Sunday, March 28, 2021

The History of the Morton House Restaurant that was in Morton Grove, Illinois.

The Morton House, formerly the "St. Cloud House," at Miller's Mill, had been thoroughly renovated and refurnished in 1869. They offered room and board for $5 per week and $6  suites. The area attracted Roadhouses, pickle farms, and rose gardens.

The Morton House opened in October 1869 as a stagecoach stop and grocery. The Chicago, Milwaukee, and St. Paul Railroad track was laid through what would become the Village of Morton Grove in 1872. The whistle-stop (later station) at what had been Miller's Mill was named Morton Grove to honor one of the railroad's New York financiers, Levi Parsons Morton, who became the 22nd vice president of the United States from 1889 to 1893 for President Benjamin Harrison. Morton Grove became well known as a stagecoach stop. The village formally incorporated as Morton Grove on December 24, 1895.

The little frame building grew with the railroad, adding more rooms.
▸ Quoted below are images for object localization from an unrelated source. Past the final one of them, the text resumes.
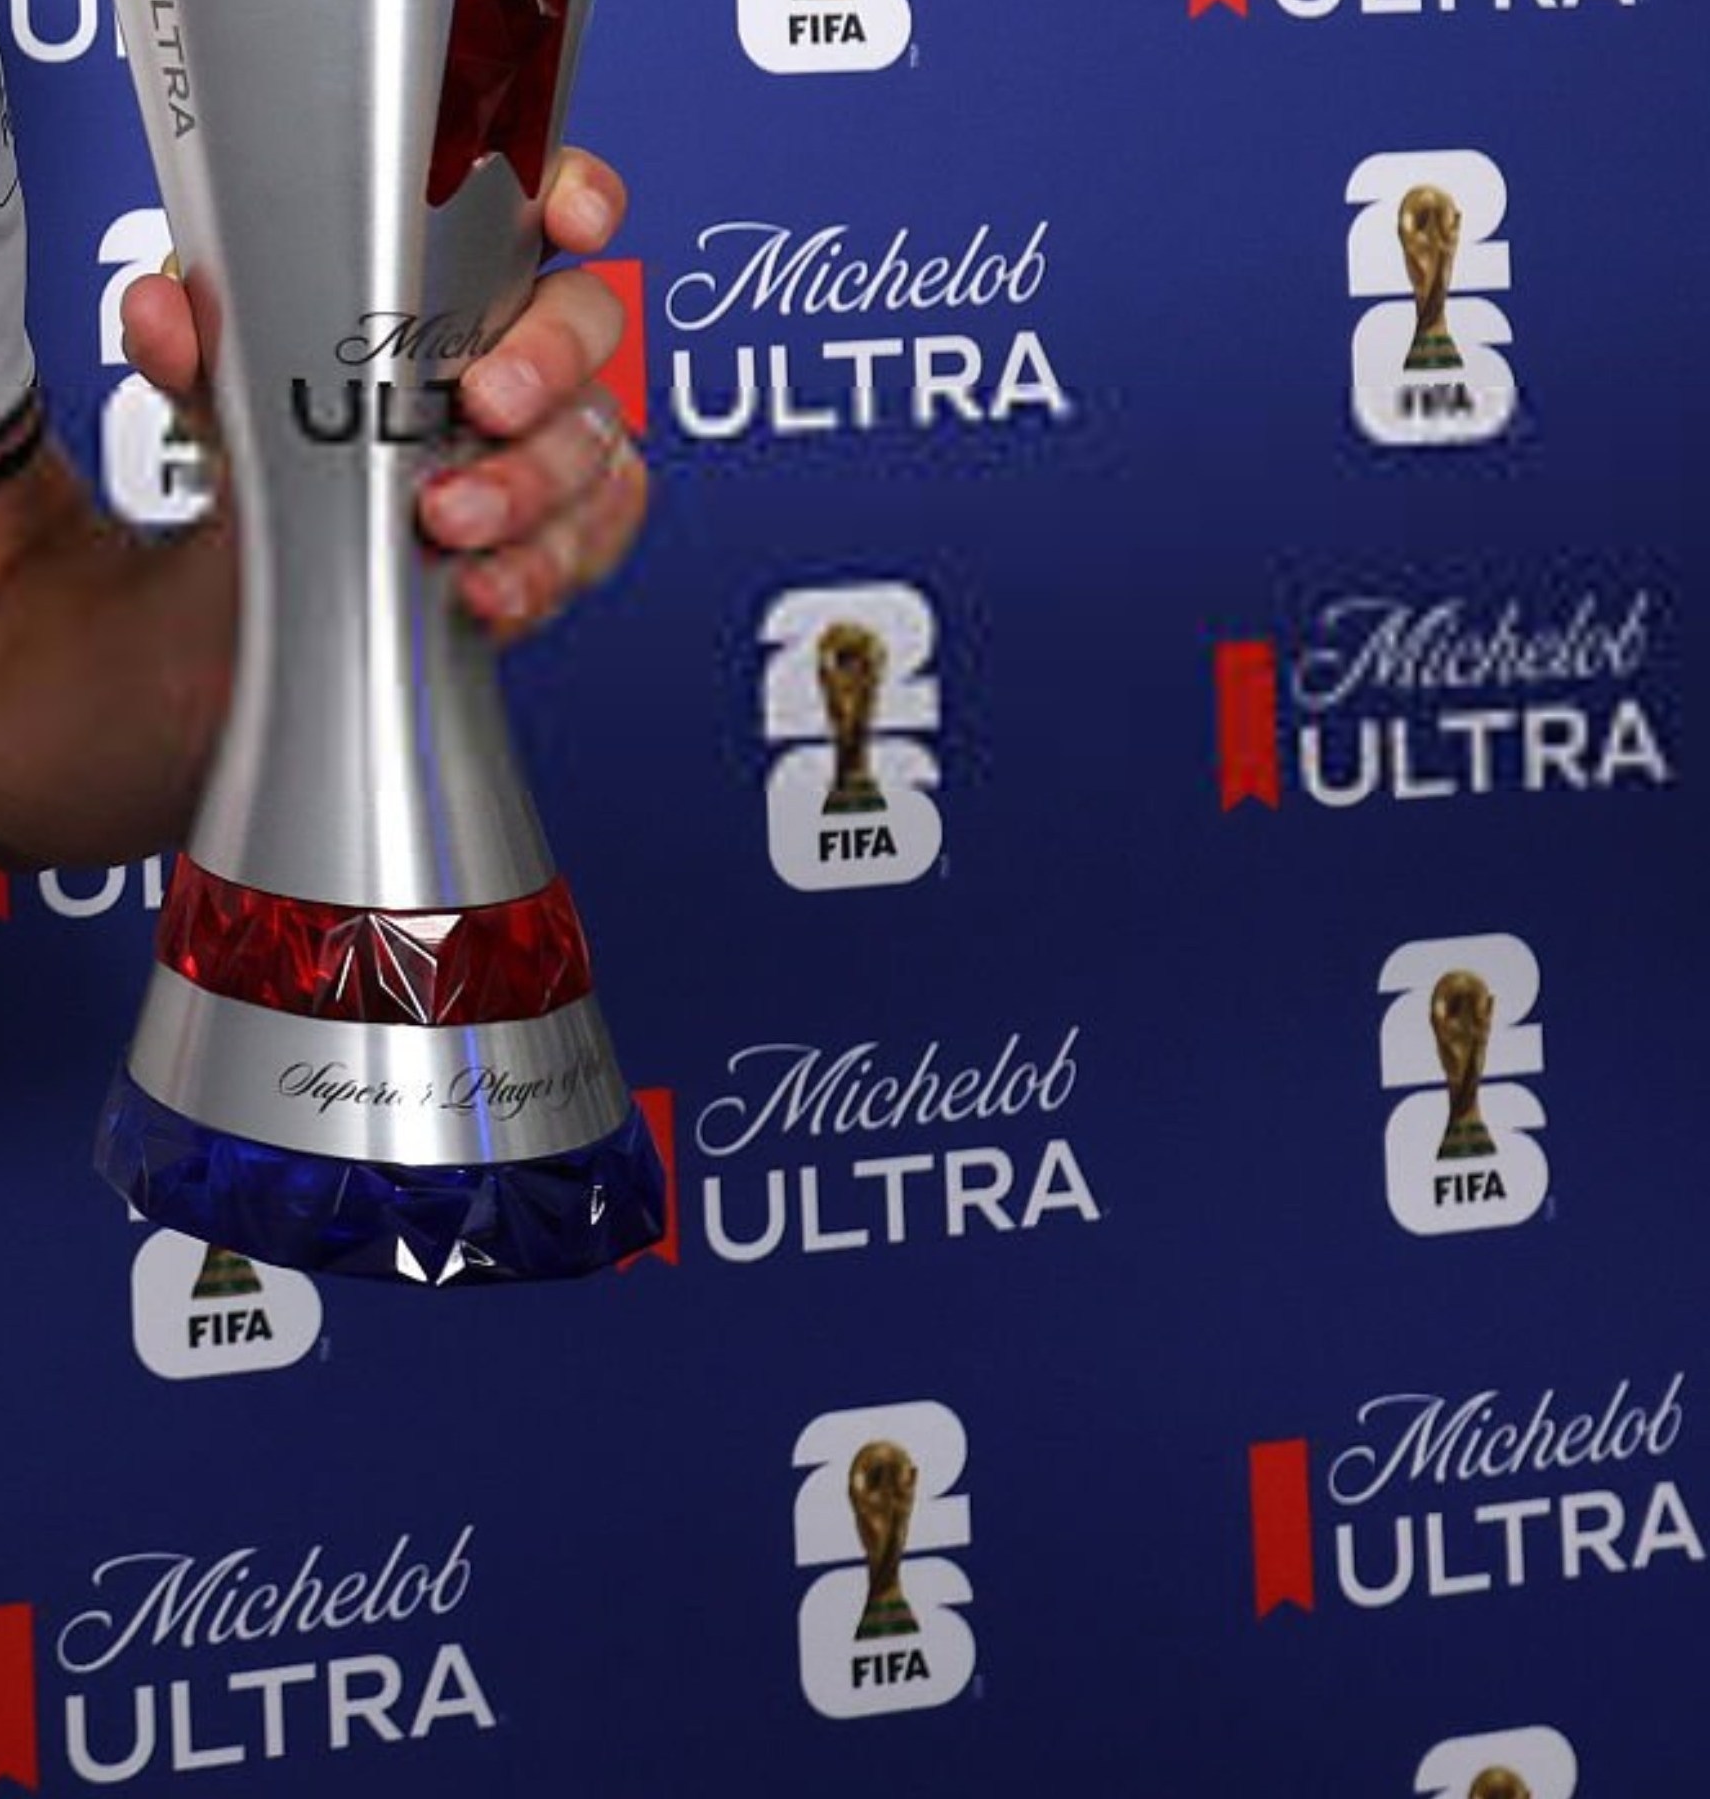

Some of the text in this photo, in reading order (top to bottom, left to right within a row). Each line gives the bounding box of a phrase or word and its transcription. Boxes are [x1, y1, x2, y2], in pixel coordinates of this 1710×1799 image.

[789, 14, 865, 44] FIFA
[666, 222, 1047, 330] Michelob
[335, 310, 494, 366] Mich
[673, 332, 1067, 436] ULTRA
[291, 378, 461, 443] ULT
[1301, 703, 1668, 808] ULTRA
[820, 827, 896, 861] FIFA
[697, 1027, 1078, 1155] Michelob
[704, 1140, 1100, 1261] ULTRA
[1435, 1171, 1505, 1205] FIFA
[188, 1308, 273, 1349] FIFA
[1329, 1373, 1683, 1504] Michelob
[1337, 1482, 1703, 1606] ULTRA
[58, 1526, 473, 1672] Michelob
[66, 1644, 495, 1782] ULTRA
[852, 1650, 929, 1688] FIFA
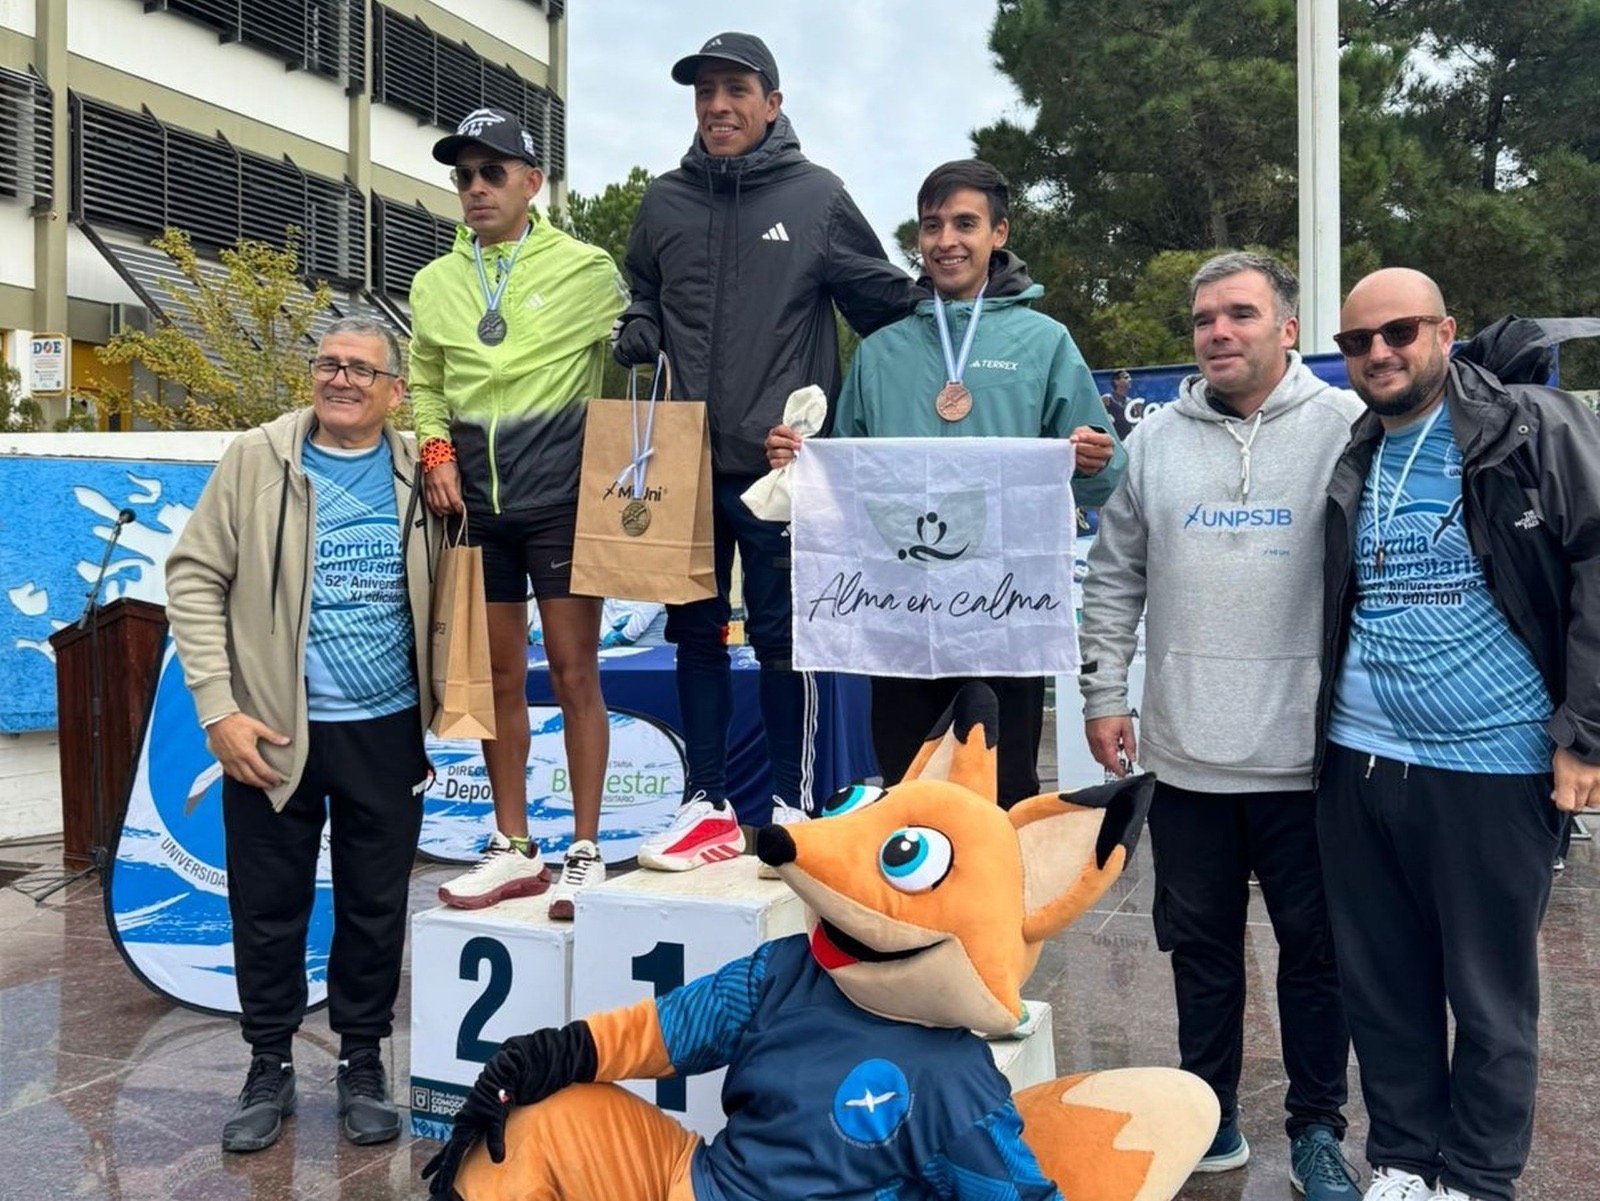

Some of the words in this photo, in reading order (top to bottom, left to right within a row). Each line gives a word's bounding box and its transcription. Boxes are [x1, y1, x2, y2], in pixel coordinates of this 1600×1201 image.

[982, 360, 1019, 370] TERREX
[1202, 509, 1292, 527] UNPSJB
[320, 539, 394, 558] Corrida
[808, 571, 900, 622] Alma
[907, 595, 942, 614] en
[949, 572, 1060, 620] calma
[456, 936, 513, 1064] 2
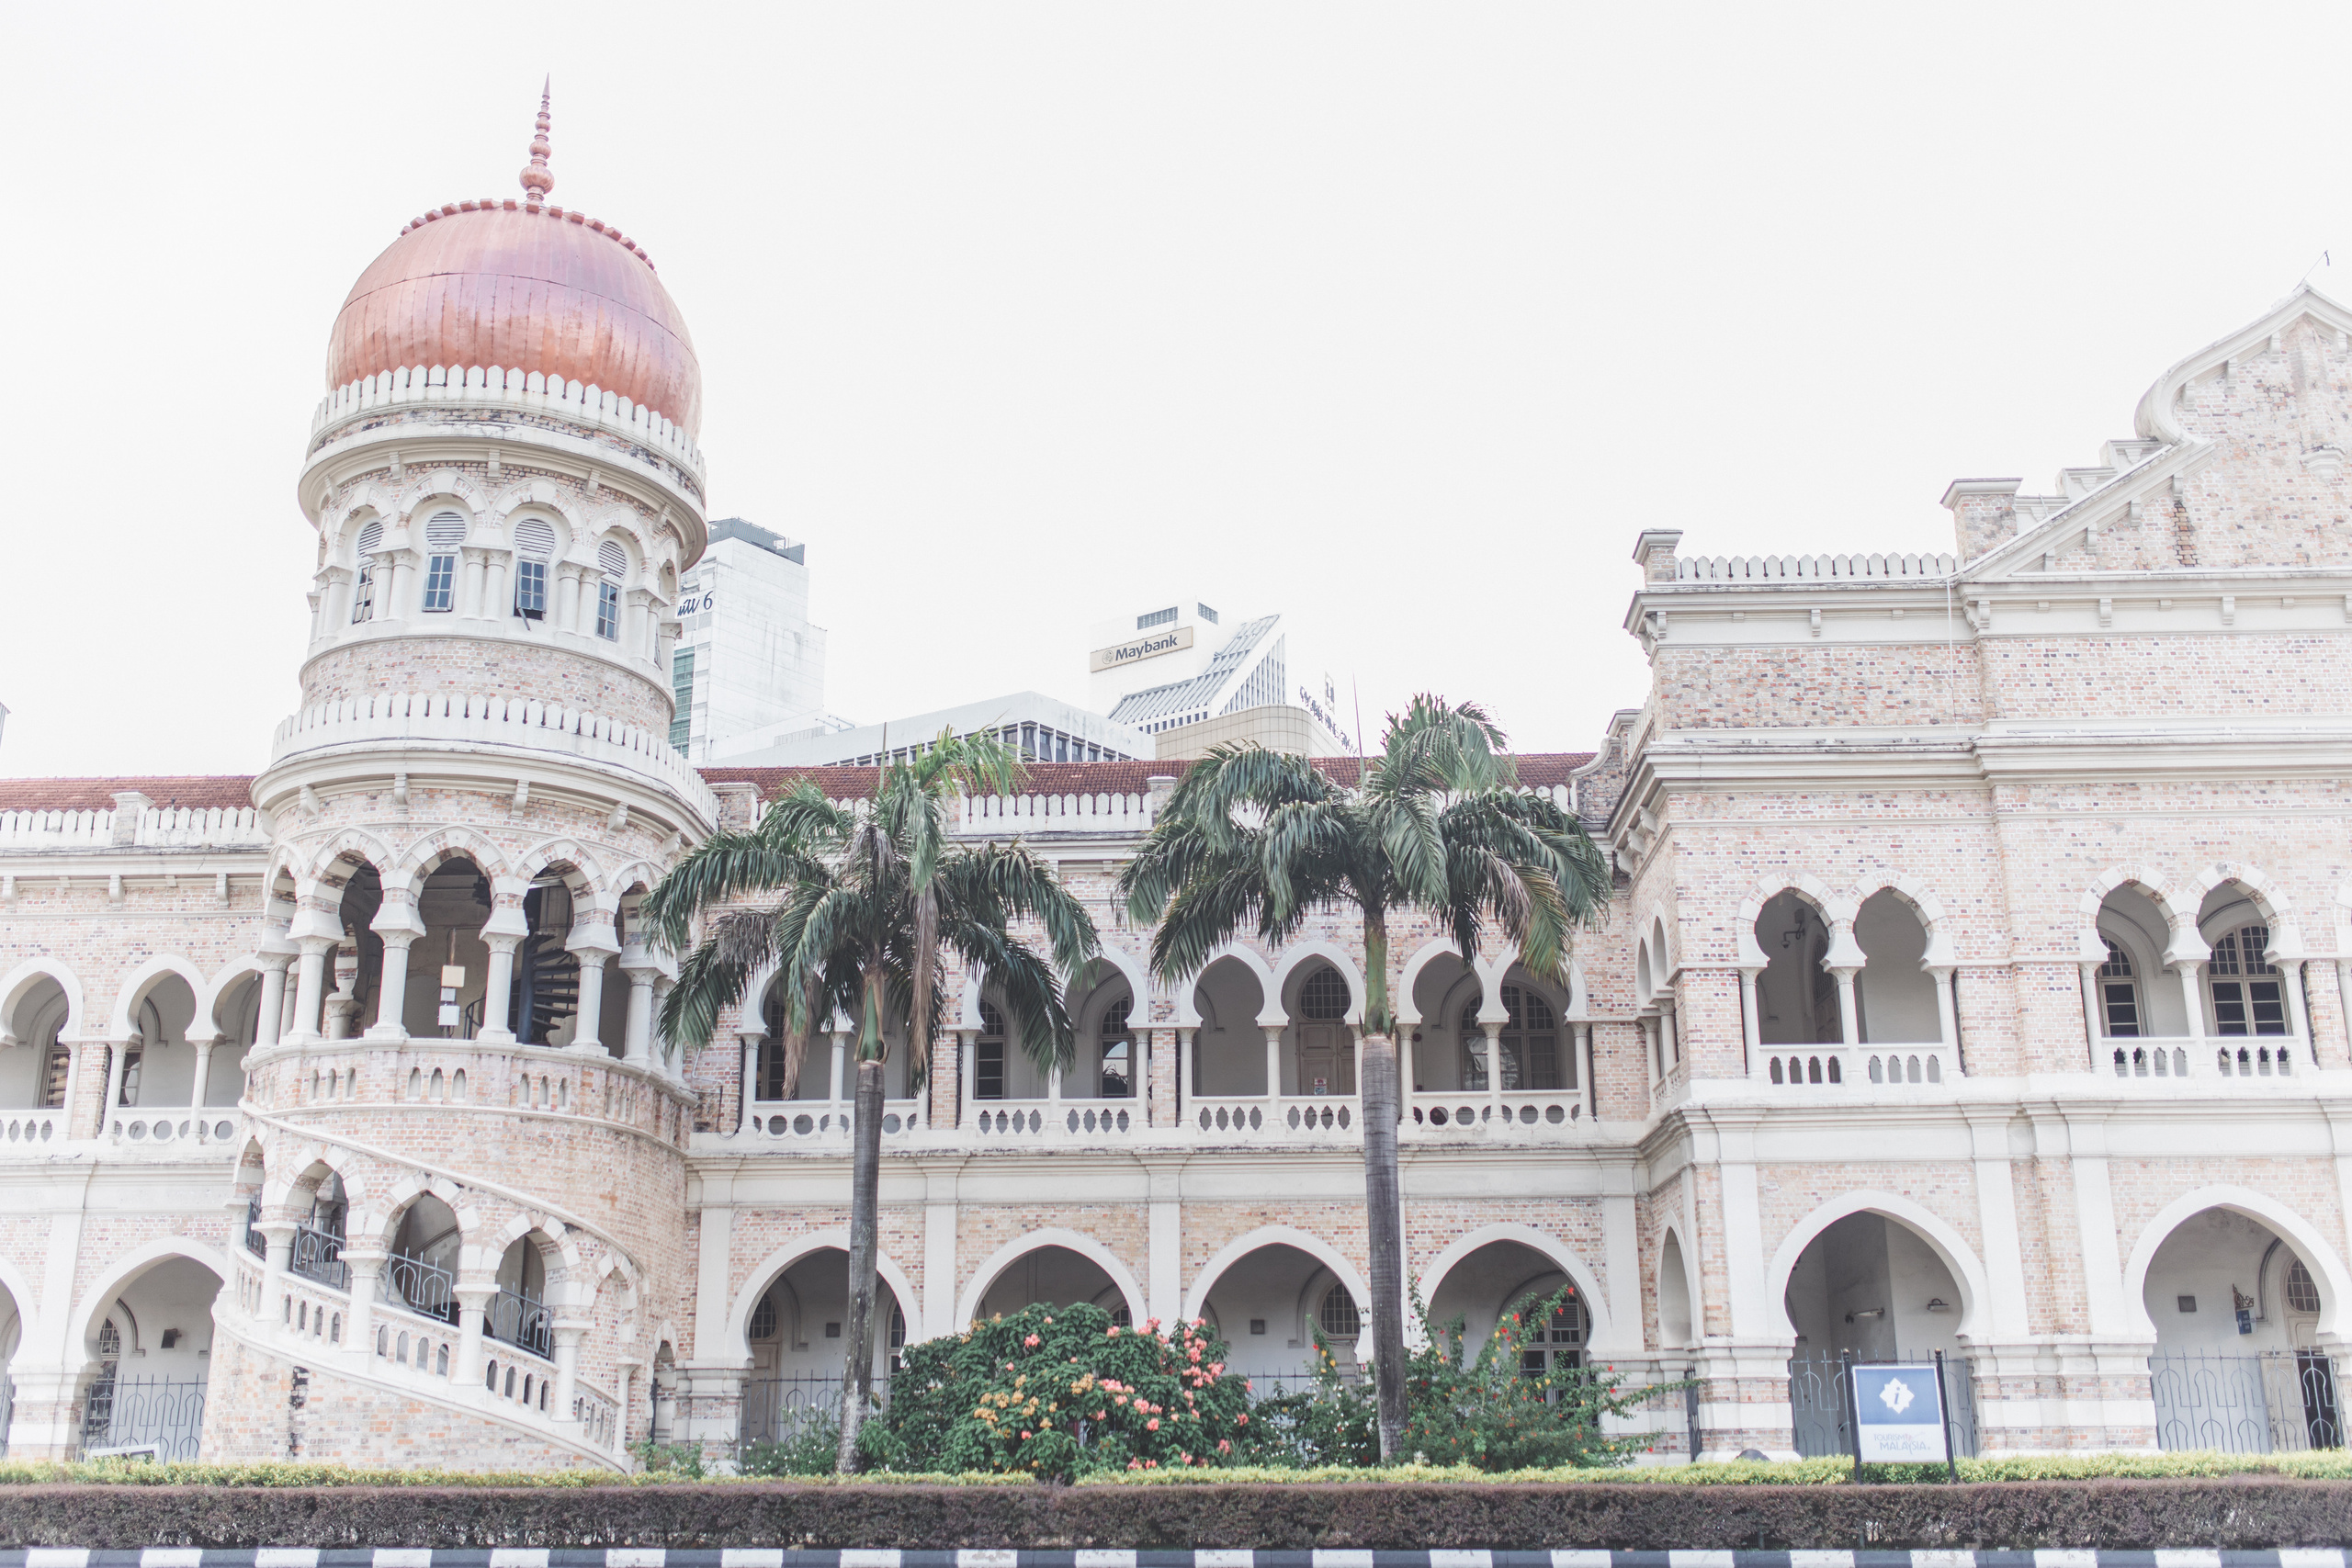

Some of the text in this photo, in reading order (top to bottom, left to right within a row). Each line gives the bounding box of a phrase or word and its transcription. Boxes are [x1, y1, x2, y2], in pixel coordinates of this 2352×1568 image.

It had become a tradition with the Morton House, (on today's Lincoln Avenue at Lehigh, just south of Dempster), that when the Milwaukee Road train would approach the crossing near the restaurant, the bartender would rush out with his lantern, signal the train to a stop and serve the engineer a beer. The practice was continued for years until the high-speed modern trains made it impossible.
In the U.S., during the 17th to 20th centuries, Groceries, Saloons, Taverns, Public Houses, and Hotel Bars sometimes issued tokens that could be used in payment for future drinks. When buying a round of drinks for friends, the bartender would give a token to those patrons already having a drink, and collect the full sum from the round-buyer. The owner would collect the money immediately, and the drinkers would have a token for later use. As the token cost less to produce than the value of the drink, there was a significant profit to the bar owner. Sometimes, drinkers would take the token home, and forget to bring them back — which was pure profit. This has been cited as the reason bar owners loved tokens, and they were found in virtually every drinking establishment. Tokens were also used as change where the price of the drink was odd. For example, in frontier America, drinks were two for 25¢, (or one bit, 12.5¢) each, thus tokens exist in one-bit denominations. Early tokens were usually made of brass or tin.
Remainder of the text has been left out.